Tal cual manifesté en varias notas publicadas en El Cohete a la Luna, a medida que pasa el tiempo de la pandemia va desvaneciéndose la idea de implementar el IBU. Esto es producto de la presión constante de los organismos internacionales de crédito, que siempre imaginaron un paliativo por un tiempo determinado que sirva para mantener la economía funcionando, para que cuando el problema termine todo vuelve a ser como antes. Imagino que al Ministro de Economía se le hace extremadamente difícil negociar la deuda con el FMI y aplicar una política como el IBU puertas adentro. Cuando se dice que la pandemia cambió el mundo, creo que en verdad debe haber cambiado muchas cosas, pero lo que seguramente no hará es cambiar la distribución del ingreso. Es más, tengo el convencimiento que se ha transformado en una oportunidad para el capital concentrado, para profundizar la desigualdad y la injusticia. Por ello, uno a uno, han ido cayendo los soldados de la epopeya de la igualdad, y cuando se habla del Ingreso Universal muchos miran para otro lado, o simplemente no contestan.

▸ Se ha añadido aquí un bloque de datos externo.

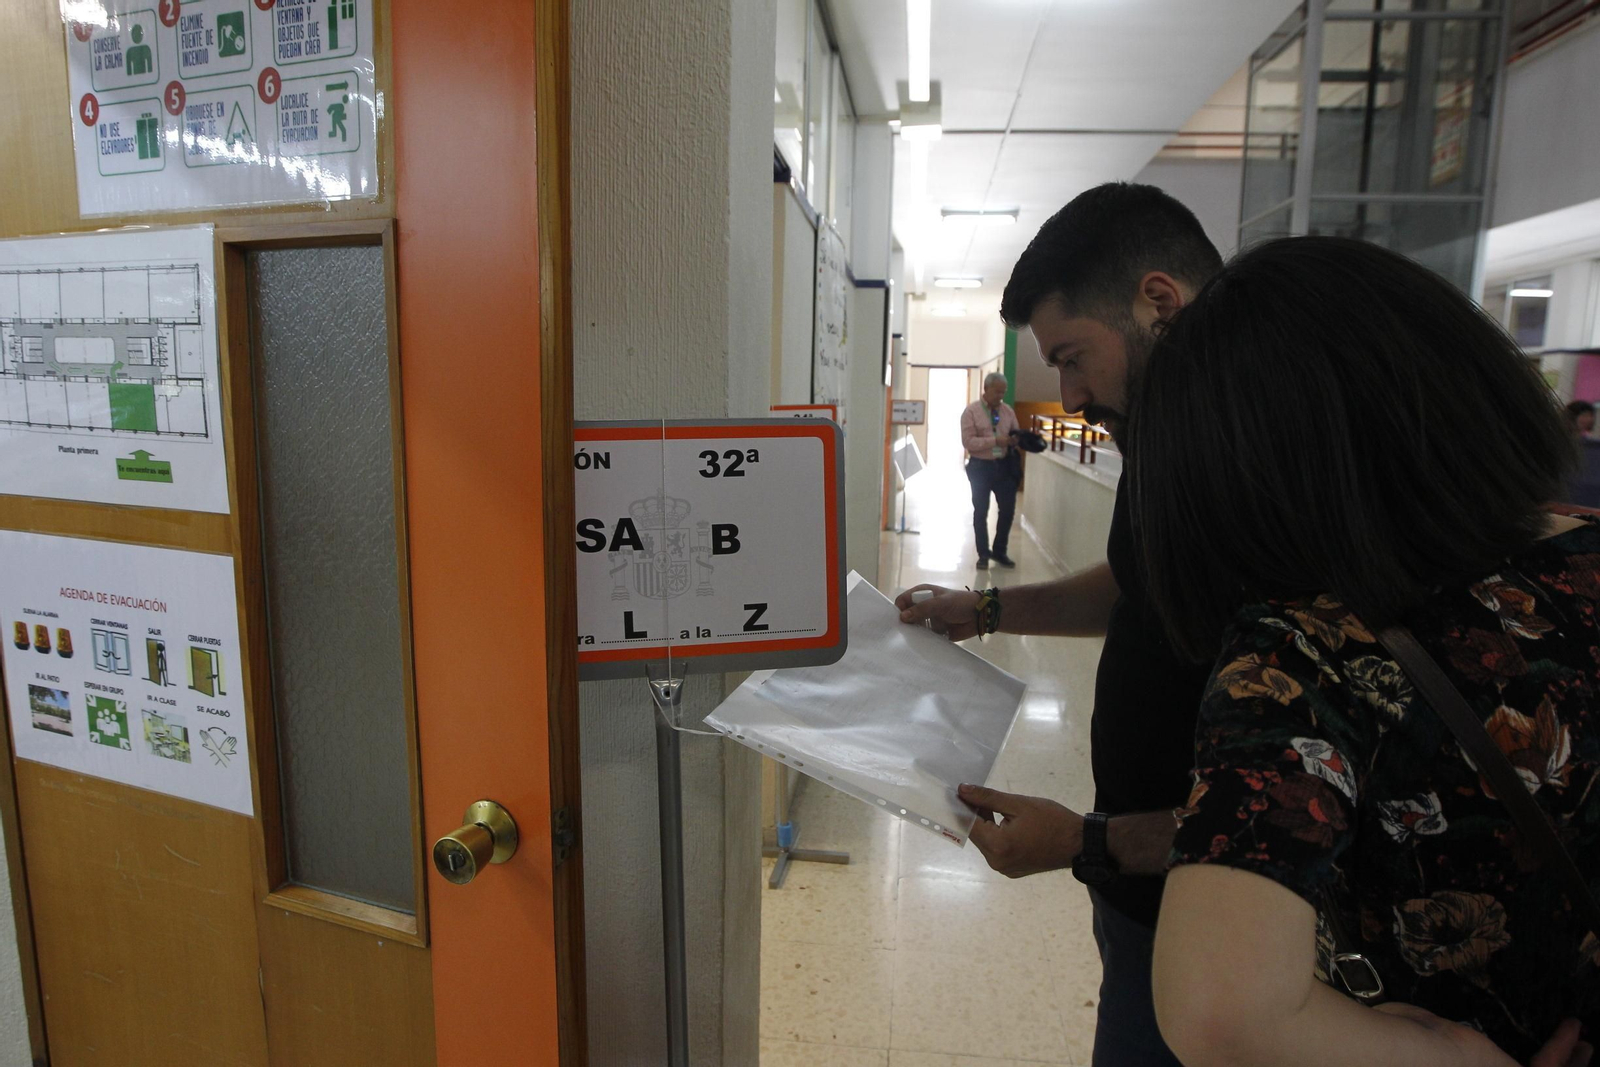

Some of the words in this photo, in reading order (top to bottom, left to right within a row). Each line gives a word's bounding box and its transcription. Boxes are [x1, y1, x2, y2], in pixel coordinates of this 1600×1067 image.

[166, 0, 174, 20] 2
[276, 7, 304, 26] VENTANA
[306, 5, 312, 21] Y
[180, 13, 204, 32] ELIMINE
[277, 24, 304, 42] OBJETOS
[307, 21, 320, 38] QUE
[94, 35, 121, 54] CONSERVE
[181, 30, 203, 49] FUENTE
[206, 29, 214, 46] DE
[278, 41, 302, 59] PUEDAN
[305, 38, 321, 55] CAER
[94, 55, 102, 71] LA
[104, 52, 123, 70] CALMA
[182, 48, 209, 67] INCENDIO
[264, 75, 275, 97] 6
[171, 88, 180, 109] 5
[280, 92, 309, 110] LOCALICE
[85, 101, 93, 119] 4
[216, 101, 225, 117] EN
[281, 111, 289, 127] LA
[292, 109, 308, 126] RUTA
[310, 108, 319, 124] DE
[99, 123, 107, 138] NO
[110, 121, 120, 137] USE
[100, 137, 135, 155] ELEVADORES
[58, 445, 75, 454] Planta
[77, 447, 99, 455] primera
[574, 448, 610, 471] ÓN
[576, 517, 644, 553] SA
[711, 523, 741, 555] B
[59, 587, 95, 602] AGENDA
[96, 592, 108, 604] DE
[110, 594, 167, 613] EVACUACIÓN
[147, 627, 162, 636] SALIR
[577, 633, 595, 645] ra
[623, 610, 648, 639] L
[680, 628, 690, 639] a
[696, 626, 711, 638] la
[742, 602, 769, 632] Z
[187, 634, 203, 643] CERRAR
[204, 637, 221, 646] PUERTAS
[147, 694, 153, 702] IR
[159, 697, 177, 706] CLASE
[196, 705, 205, 713] SE
[206, 708, 231, 718] ACABÓ
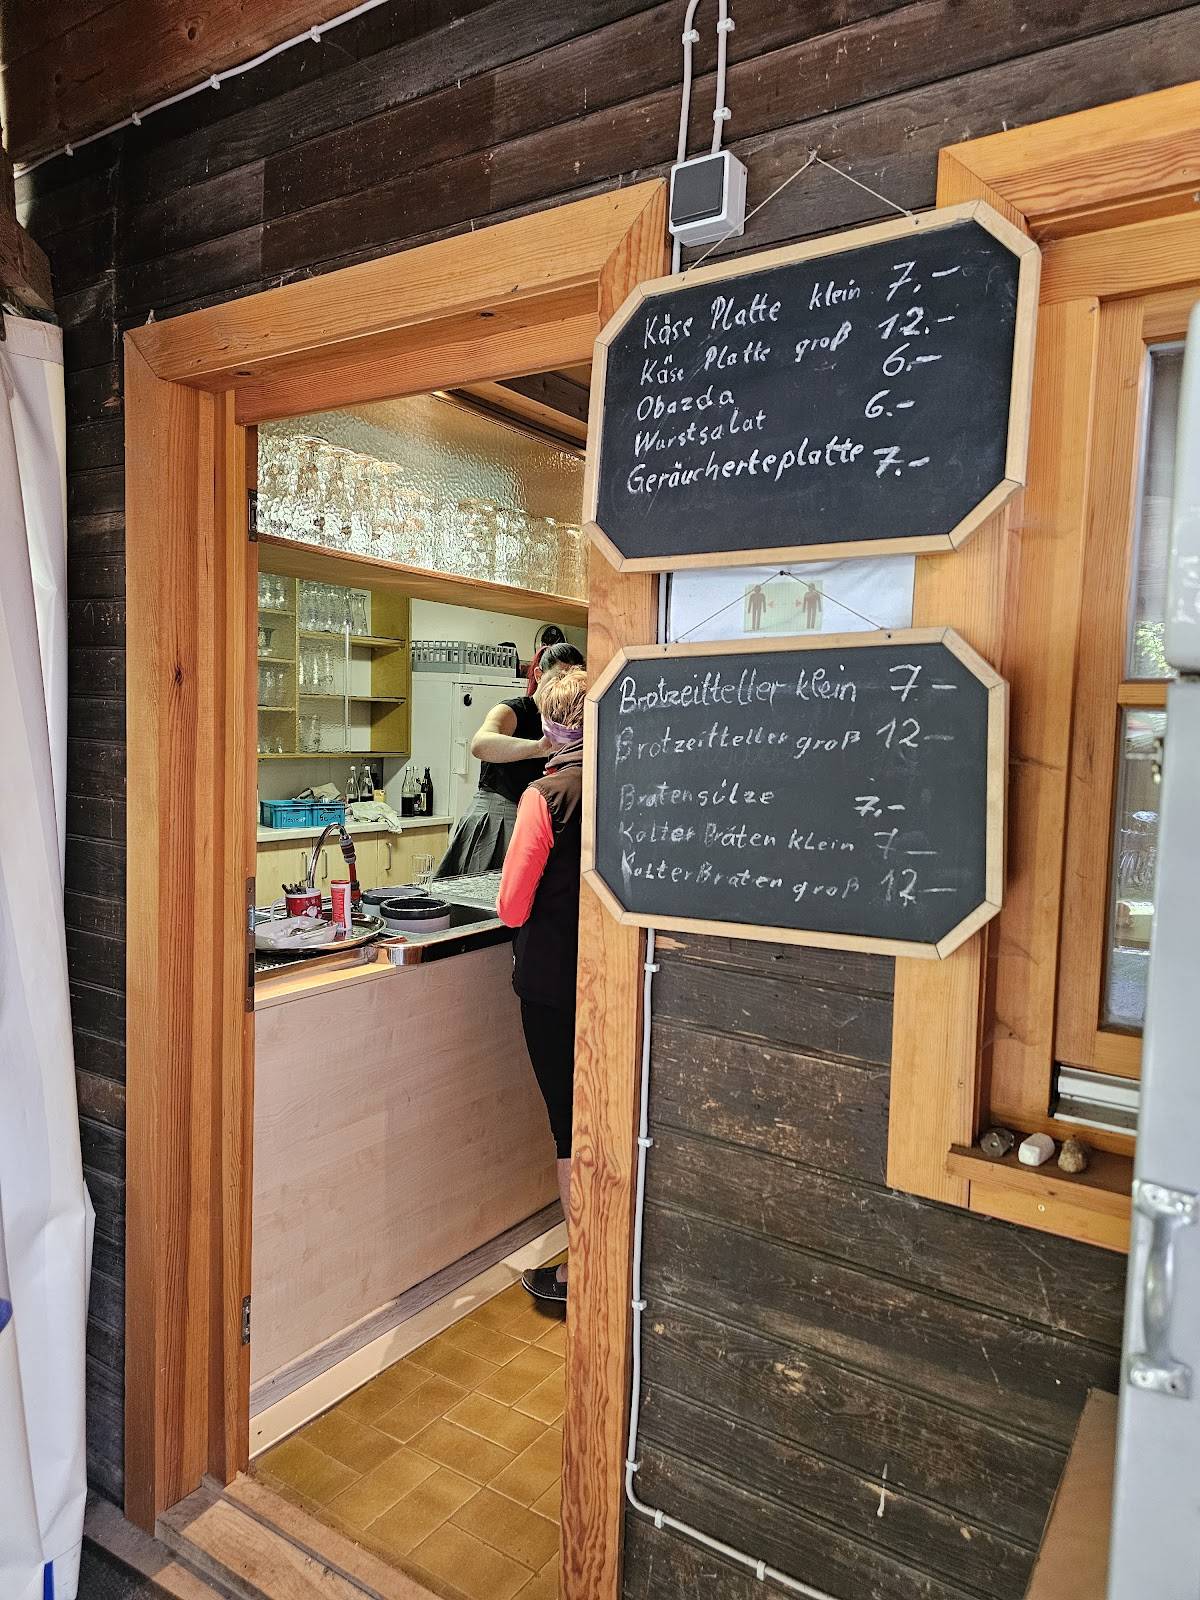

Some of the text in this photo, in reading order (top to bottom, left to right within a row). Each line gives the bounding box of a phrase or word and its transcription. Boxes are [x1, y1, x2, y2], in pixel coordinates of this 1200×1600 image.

Finalmente, esta semana fuimos testigos de la claudicación final de la iniciativa cuando el Ministro de Desarrollo Social anunció que "no hay condiciones fiscales para dar un ingreso universal". Con estos dichos, pareciera que se aleja inexorablemente aquello de empezar con los que menos tienen, quienes deberán seguir esperando otra oportunidad. Una vez más se cumple el dicho de Gabriel García Márquez: “El día que la mierda tenga algún valor, los pobres nacerán sin culo”.

Parece absurdo, pero creo que a pesar de tanta desazón aun queda una oportunidad de que se pueda hacer algo, y ese algo es parecido a lo que ocurrió con las vacunas, empezar con un pequeño grupo, por ejemplo los que están debajo de la línea de la indigencia y sacarlos de esa situación. El INDEC indica que en 2019 Argentina registraba 12.17 millones de hogares, de los cuales 5,7% se encontraban bajo la línea de indigencia, es decir, 685.000 hogares indigentes. Si se les diera una prestación equivalente a un salario mínimo por hogar, la erogación insumiría unos $138.712 millones anuales, lo cual, en verdad, no creo que sea una cifra que destruya ningún presupuesto nacional. Y luego sería posible, todos los años, sumar más gente en situación de pobreza al programa, hasta lograr que ningún hogar quede debajo de la línea de pobreza. Haciendo un paralelo con el tema de las vacunas que inspiró esta nota, empecemos por la vacuna Salk, logremos armar un calendario aunque sea de las 4 vacunas iniciales, asumiendo que algún día llegaremos a las 19 vacunas de 2015 brindadas mientras gobernaba Cristina Fernández de Kirchner. Lo importante es empezar, porque si empezamos hoy, algún día llegaremos, mientras que si no arrancamos en un momento dado, es seguro que nunca llegaremos a ningún lugar.

Supo decir Agustín Tosco en un momento: “Lo fundamental es que todos los que tenemos un concepto de justicia y equidad, debemos luchar para construir una nueva sociedad que permita al hombre salir de la enajenación a que lo conduce este sistema que afecta hasta el derecho de vivir”.